Morning is often worse, especially for those pets that don't move a lot overnight during sleep, or sleep on drafty flooring, or are overweight. Making sure that he has a most comfortable surface to lie on in a room that is not too cool may help, but let him rise at his own pace and limber up slowly. Moving about should be confined to Necessity only--get food, water, go outside.

Tramadol is a very strong medicine, and it does not always agree with all pets.

Pain that worsens can indicate that something More Serious than a strain is going on: Lyme Disease, or an infection in the spinal cord, to name a few. If this discomfort seems to not improve or gets any worse, a re-check appointment and some tests are in order.

Some areas have Veterinary Chiropractic or Acupuncture services available, your vet's office would know about this and can give you a referral. Older dogs have a very good response to this type of treatment.

In the meantime, do continue allowing him to rest as much as he likes...limit all activity that is not necessary, even when he starts to feel better, to prevent re-injury or exacerbated injury. These patients often have relapses periodically throughout their lifetimes, unfortunately, so you will always want to be somewhat careful of ambiguous situations (boisterous children or other pets), moving furniture, stairways, and early signs of discomfort.

You might try putting a Very Stable ramp at any stairs for him.

***If you need to pick him up, scoop him with the whole arm between the front he is lying on your forearm...and then let him "sit" on the other hand or forearm so that his back is a straight as possible and he can lean his shoulder against you if needed. Don't rush...let him settle as much as he can before lifting so that he gets the idea that you are trying hard to not jostle him. This can help him release his muscles instead of clenching them.***

Medical approaches to pain are pretty is just one example of the different approaches different vets take, depending on their experience and background:

His diabetic diet can be melted in water and then liquified in a blender to make it easier to lap and swallow to get some calories and stomach buffer into him if he seems to be having trouble chewing his regular food. Raising his dishes up so that he can approach them straight-on (without bending his neck down) can help him get water and nutrients more easily.

If you need additional support at this time, please click "Reply", otherwise I thank you in advance for your "Accept" and will hold a Good Thought for you all.

Gen B. and other Dog Specialists are ready to help you
Customer: replied 9 years ago.
thank you so much!
Customer: replied 9 years ago.
Relist: I still need help.
his condition seems to wax and wane in terms of movement and pain. He is able to eliminate, move outsie, eat and clean himself. Despite this seeing him in pain at all is obviously worrisone. How can one tell the difference between a severe sprain and a disk subluxation or rupture?
Expert:  Gen B. replied 9 years ago.
You may really need an xray at this point...sprains can be bothersome with increased effort, but should improve pretty steadily. Nerves that are pinched by shifting spinal cord bones will give an off-and-on pain and disability experience.
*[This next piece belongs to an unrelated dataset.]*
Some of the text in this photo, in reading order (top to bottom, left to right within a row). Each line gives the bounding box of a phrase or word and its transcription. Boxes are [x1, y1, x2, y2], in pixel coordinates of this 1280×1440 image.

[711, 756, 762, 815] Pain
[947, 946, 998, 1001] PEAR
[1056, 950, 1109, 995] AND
His ability to perform necessary "chores" and functions is a good sign...severely disabled patients have trouble with even minor movements, and prefer to wait to the last possible moment before exertions such as elimination and eating solids. Disc ruptures are virtually 100% disabling.
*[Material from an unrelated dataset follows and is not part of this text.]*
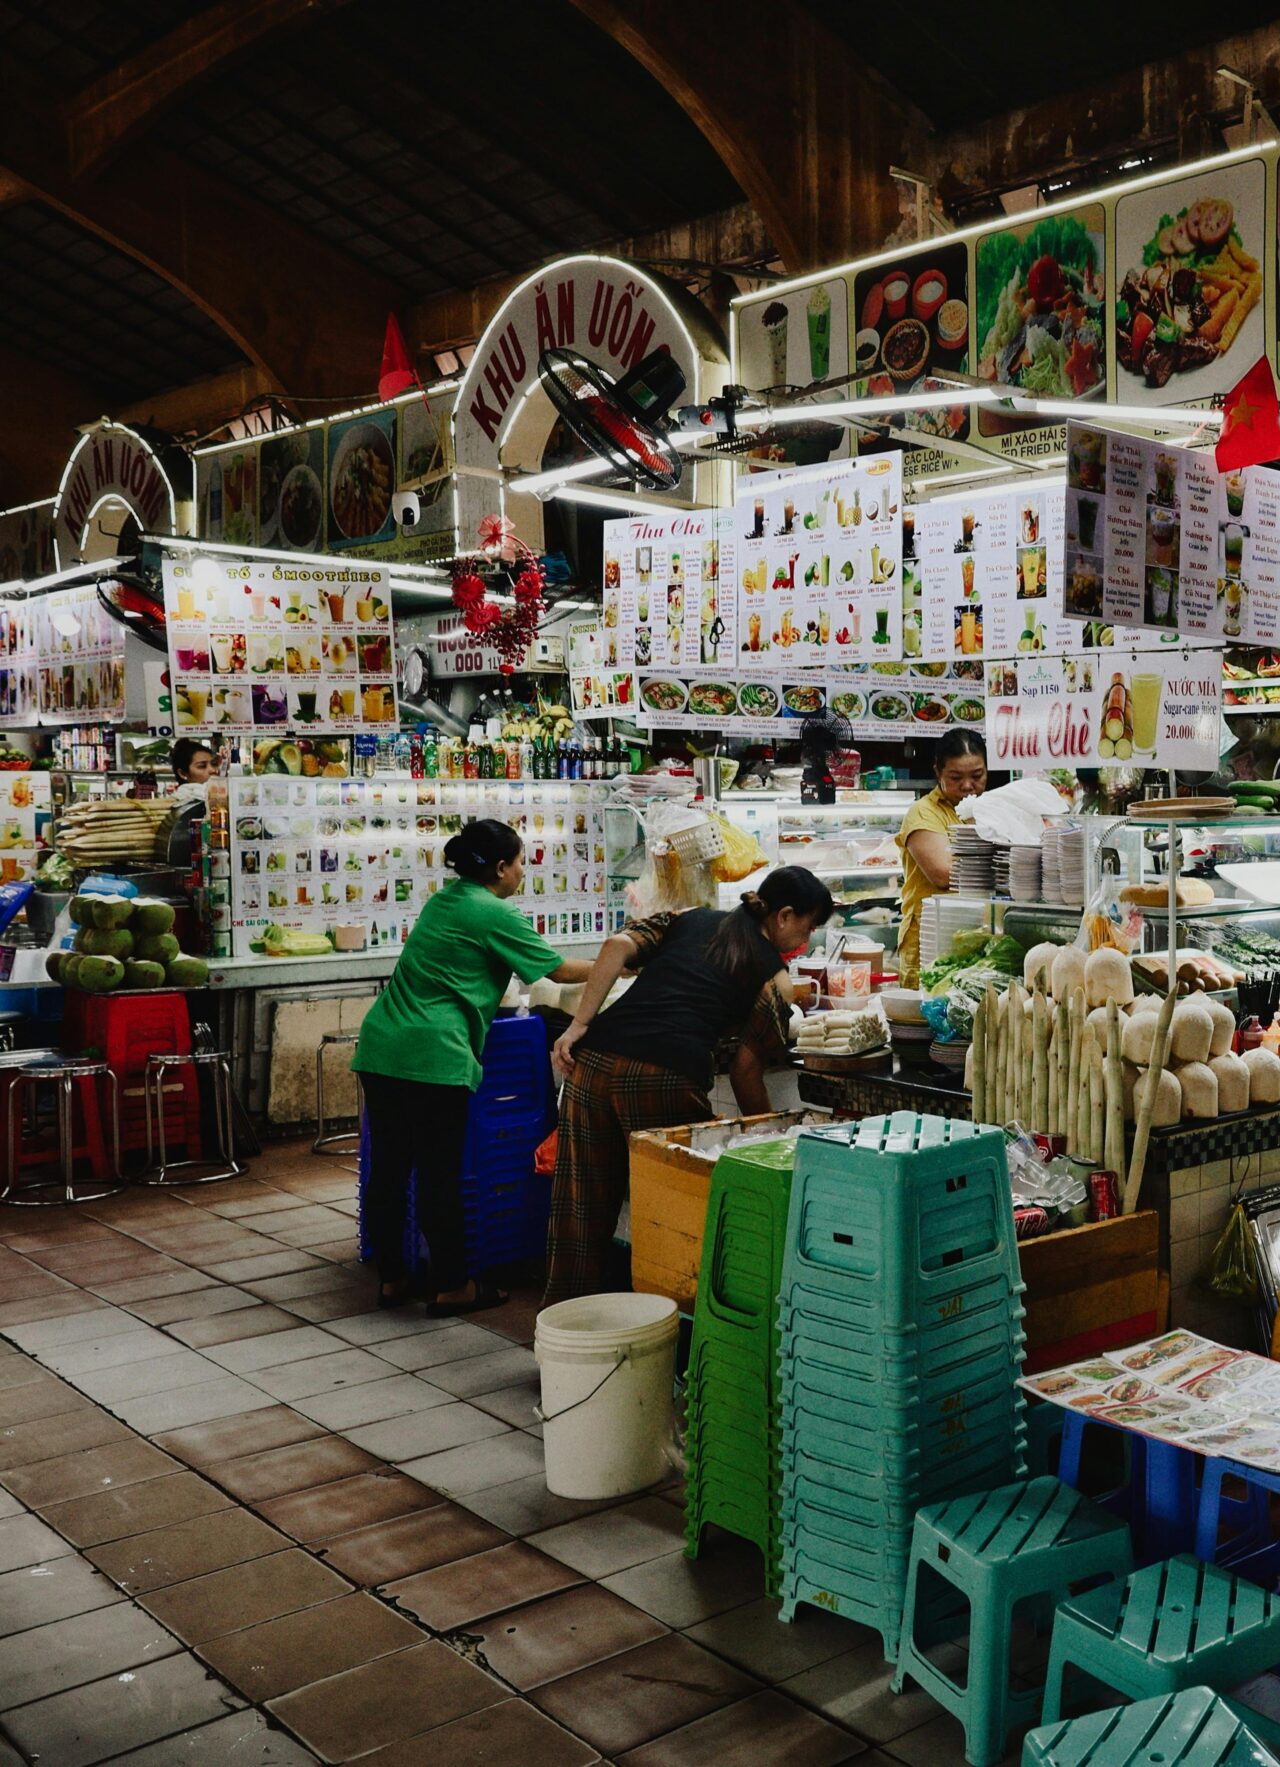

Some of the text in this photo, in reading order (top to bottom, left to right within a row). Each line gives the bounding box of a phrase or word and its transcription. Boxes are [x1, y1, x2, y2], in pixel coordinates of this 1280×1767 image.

Since his breed is susceptible to more serious injuries, and due to his age, I would have at least one xray of this neck to get a more exact picture of what is happening, and to make sure there is no other more serious problem incubating.
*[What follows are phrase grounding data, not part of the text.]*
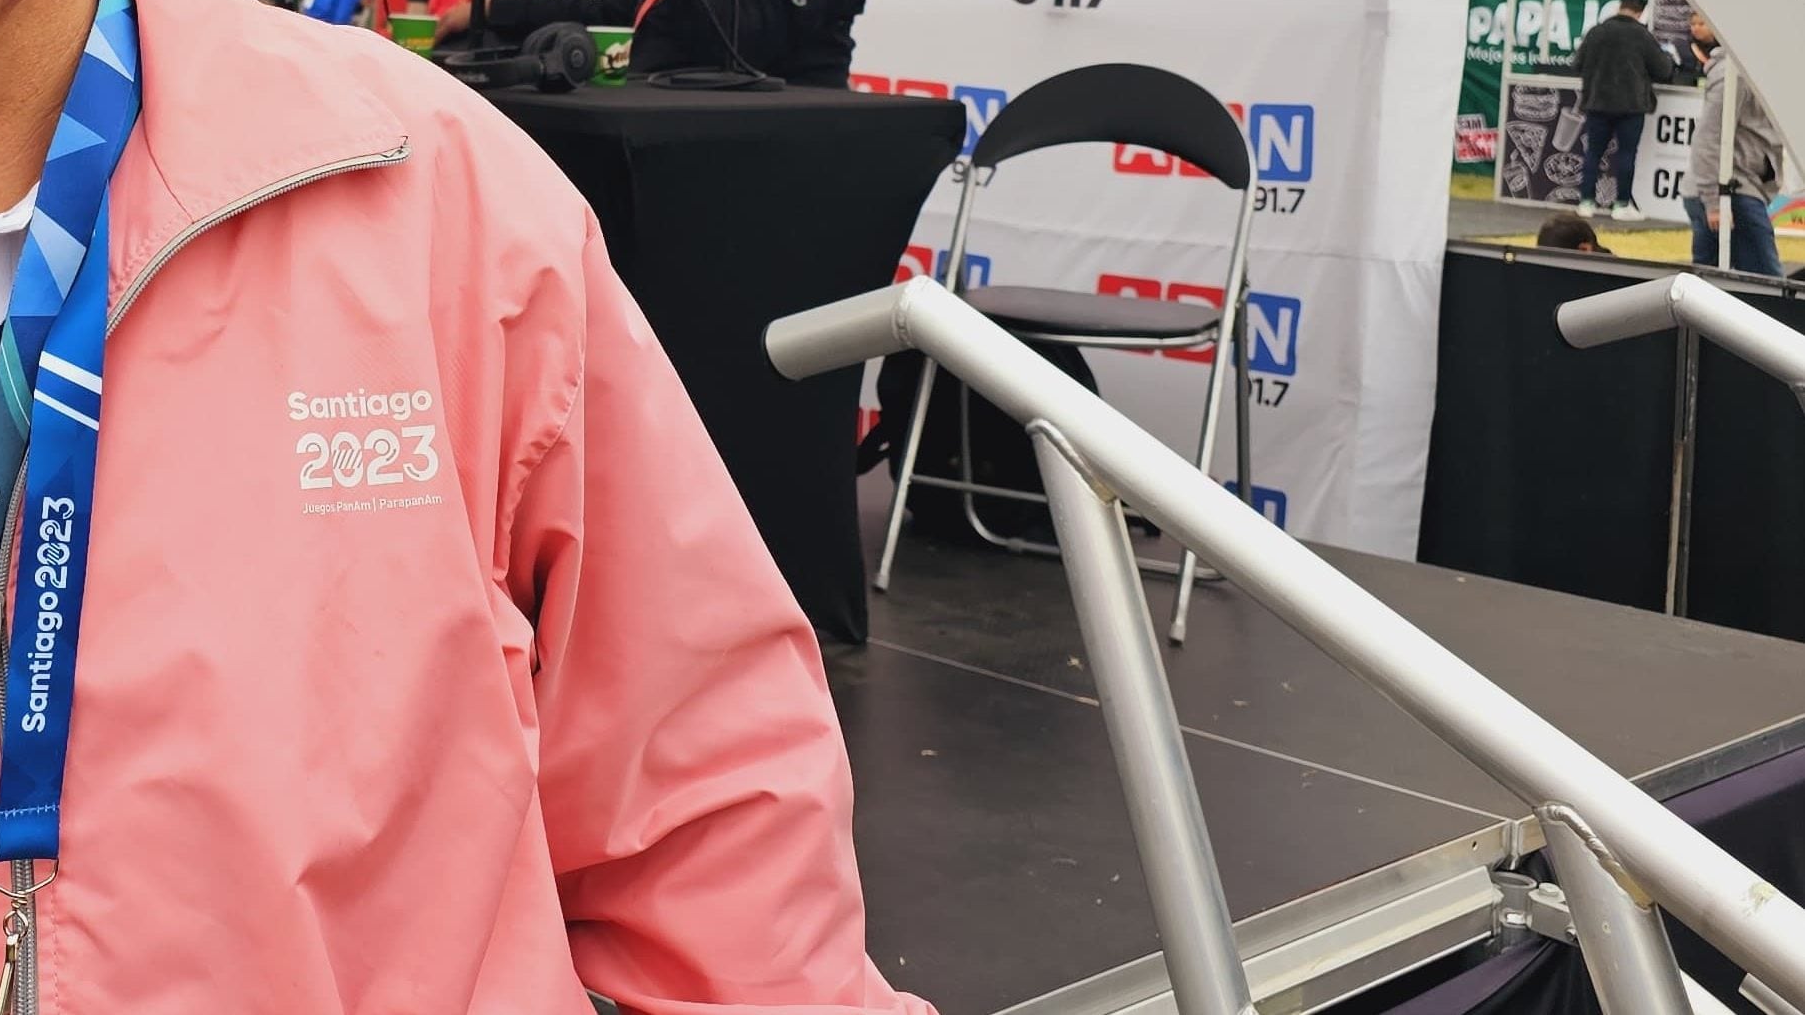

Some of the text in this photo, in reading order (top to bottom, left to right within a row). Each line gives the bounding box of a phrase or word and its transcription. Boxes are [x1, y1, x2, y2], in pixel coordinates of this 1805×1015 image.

[287, 388, 433, 421] Santiago
[1247, 377, 1290, 408] 1.7
[296, 424, 439, 490] 2023
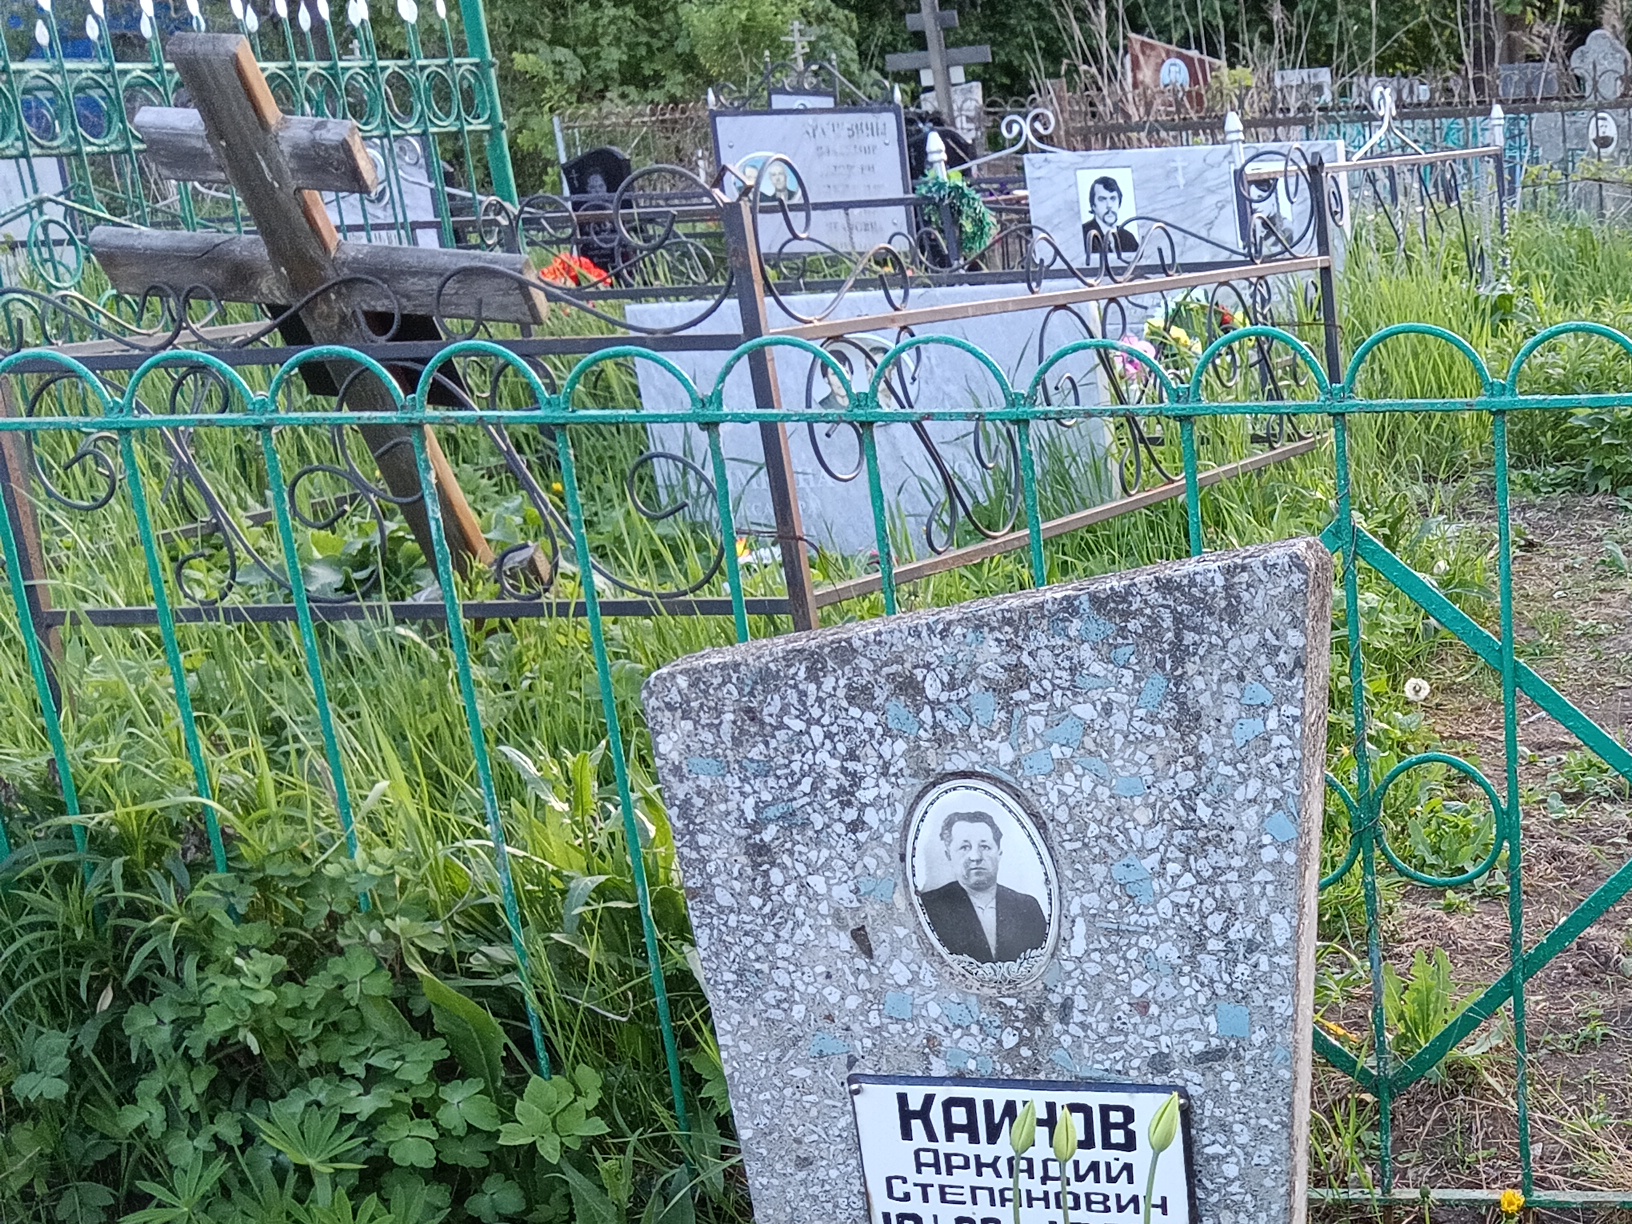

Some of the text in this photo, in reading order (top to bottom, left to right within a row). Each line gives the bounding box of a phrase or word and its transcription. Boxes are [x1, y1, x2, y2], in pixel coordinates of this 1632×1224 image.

[896, 1092, 1137, 1152] КАИНОВ
[914, 1147, 1134, 1186] АРКАДИЙ
[885, 1175, 1168, 1216] СТЕПАНОВИЧ
Although many pets do well with the modern anti-inflammatory drugs, sometimes we do need to use some steroid therapy to accelerate improvement and provide more even pain relief...this is something you have to consider with his medical team, since switching from one to another can be tricky.

Otherwise, continuing to go at his own pace is best...he seems to have a good sense of his limitations.

Glad to hear back from you...continue to let me know if you have questions. He's certainly living with the Right Caretaker!